■ DATA FOR THE TASK ■
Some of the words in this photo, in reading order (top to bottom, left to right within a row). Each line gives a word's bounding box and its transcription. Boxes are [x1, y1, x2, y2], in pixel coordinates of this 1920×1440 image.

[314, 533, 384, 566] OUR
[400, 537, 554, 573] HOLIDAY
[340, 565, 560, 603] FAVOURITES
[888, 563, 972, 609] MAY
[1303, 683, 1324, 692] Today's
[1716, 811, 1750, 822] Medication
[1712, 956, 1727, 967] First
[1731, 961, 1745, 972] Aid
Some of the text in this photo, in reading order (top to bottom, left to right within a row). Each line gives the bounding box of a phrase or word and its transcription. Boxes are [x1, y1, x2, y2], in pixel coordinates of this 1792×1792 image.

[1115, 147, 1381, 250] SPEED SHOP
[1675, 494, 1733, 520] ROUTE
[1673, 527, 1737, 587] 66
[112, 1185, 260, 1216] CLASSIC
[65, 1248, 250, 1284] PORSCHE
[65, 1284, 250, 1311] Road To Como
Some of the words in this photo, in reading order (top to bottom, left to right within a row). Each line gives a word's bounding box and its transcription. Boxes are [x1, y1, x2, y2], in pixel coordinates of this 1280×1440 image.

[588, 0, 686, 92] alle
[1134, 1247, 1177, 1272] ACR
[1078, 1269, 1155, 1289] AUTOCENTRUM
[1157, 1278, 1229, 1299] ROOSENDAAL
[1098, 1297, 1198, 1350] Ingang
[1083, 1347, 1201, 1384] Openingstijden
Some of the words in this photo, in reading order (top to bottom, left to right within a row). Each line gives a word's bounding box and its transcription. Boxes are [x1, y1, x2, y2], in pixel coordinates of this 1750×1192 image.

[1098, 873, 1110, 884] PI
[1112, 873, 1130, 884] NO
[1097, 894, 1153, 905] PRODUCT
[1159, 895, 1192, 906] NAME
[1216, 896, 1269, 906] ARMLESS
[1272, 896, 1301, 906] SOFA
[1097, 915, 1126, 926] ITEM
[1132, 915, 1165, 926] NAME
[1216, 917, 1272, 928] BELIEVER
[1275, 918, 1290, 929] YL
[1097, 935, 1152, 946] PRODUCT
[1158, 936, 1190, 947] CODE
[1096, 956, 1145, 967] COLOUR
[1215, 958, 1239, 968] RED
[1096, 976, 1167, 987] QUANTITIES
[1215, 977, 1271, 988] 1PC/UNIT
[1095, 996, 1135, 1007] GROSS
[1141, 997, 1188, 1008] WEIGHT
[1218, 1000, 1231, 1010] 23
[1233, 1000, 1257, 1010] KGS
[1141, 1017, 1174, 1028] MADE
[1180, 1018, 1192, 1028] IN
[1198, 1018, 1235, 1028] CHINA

■ WHAT THE EXERCISE ASKS ■
Go through the listing and transcribe all of it exactly.

■ EXERCISE ANSWER ■
Some of the words in this photo, in reading order (top to bottom, left to right within a row). Each line gives a word's bounding box and its transcription. Boxes are [x1, y1, x2, y2], in pixel coordinates of this 1920×1440 image.

[314, 533, 384, 566] OUR
[400, 537, 554, 573] HOLIDAY
[340, 565, 560, 603] FAVOURITES
[888, 563, 972, 609] MAY
[1303, 683, 1324, 692] Today's
[1716, 811, 1750, 822] Medication
[1712, 956, 1727, 967] First
[1731, 961, 1745, 972] Aid
Some of the text in this photo, in reading order (top to bottom, left to right within a row). Each line gives the bounding box of a phrase or word and its transcription. Boxes are [x1, y1, x2, y2], in pixel coordinates of this 1792×1792 image.

[1115, 147, 1381, 250] SPEED SHOP
[1675, 494, 1733, 520] ROUTE
[1673, 527, 1737, 587] 66
[112, 1185, 260, 1216] CLASSIC
[65, 1248, 250, 1284] PORSCHE
[65, 1284, 250, 1311] Road To Como
Some of the words in this photo, in reading order (top to bottom, left to right within a row). Each line gives a word's bounding box and its transcription. Boxes are [x1, y1, x2, y2], in pixel coordinates of this 1280×1440 image.

[588, 0, 686, 92] alle
[1134, 1247, 1177, 1272] ACR
[1078, 1269, 1155, 1289] AUTOCENTRUM
[1157, 1278, 1229, 1299] ROOSENDAAL
[1098, 1297, 1198, 1350] Ingang
[1083, 1347, 1201, 1384] Openingstijden
Some of the words in this photo, in reading order (top to bottom, left to right within a row). Each line gives a word's bounding box and its transcription. Boxes are [x1, y1, x2, y2], in pixel coordinates of this 1750×1192 image.

[1098, 873, 1110, 884] PI
[1112, 873, 1130, 884] NO
[1097, 894, 1153, 905] PRODUCT
[1159, 895, 1192, 906] NAME
[1216, 896, 1269, 906] ARMLESS
[1272, 896, 1301, 906] SOFA
[1097, 915, 1126, 926] ITEM
[1132, 915, 1165, 926] NAME
[1216, 917, 1272, 928] BELIEVER
[1275, 918, 1290, 929] YL
[1097, 935, 1152, 946] PRODUCT
[1158, 936, 1190, 947] CODE
[1096, 956, 1145, 967] COLOUR
[1215, 958, 1239, 968] RED
[1096, 976, 1167, 987] QUANTITIES
[1215, 977, 1271, 988] 1PC/UNIT
[1095, 996, 1135, 1007] GROSS
[1141, 997, 1188, 1008] WEIGHT
[1218, 1000, 1231, 1010] 23
[1233, 1000, 1257, 1010] KGS
[1141, 1017, 1174, 1028] MADE
[1180, 1018, 1192, 1028] IN
[1198, 1018, 1235, 1028] CHINA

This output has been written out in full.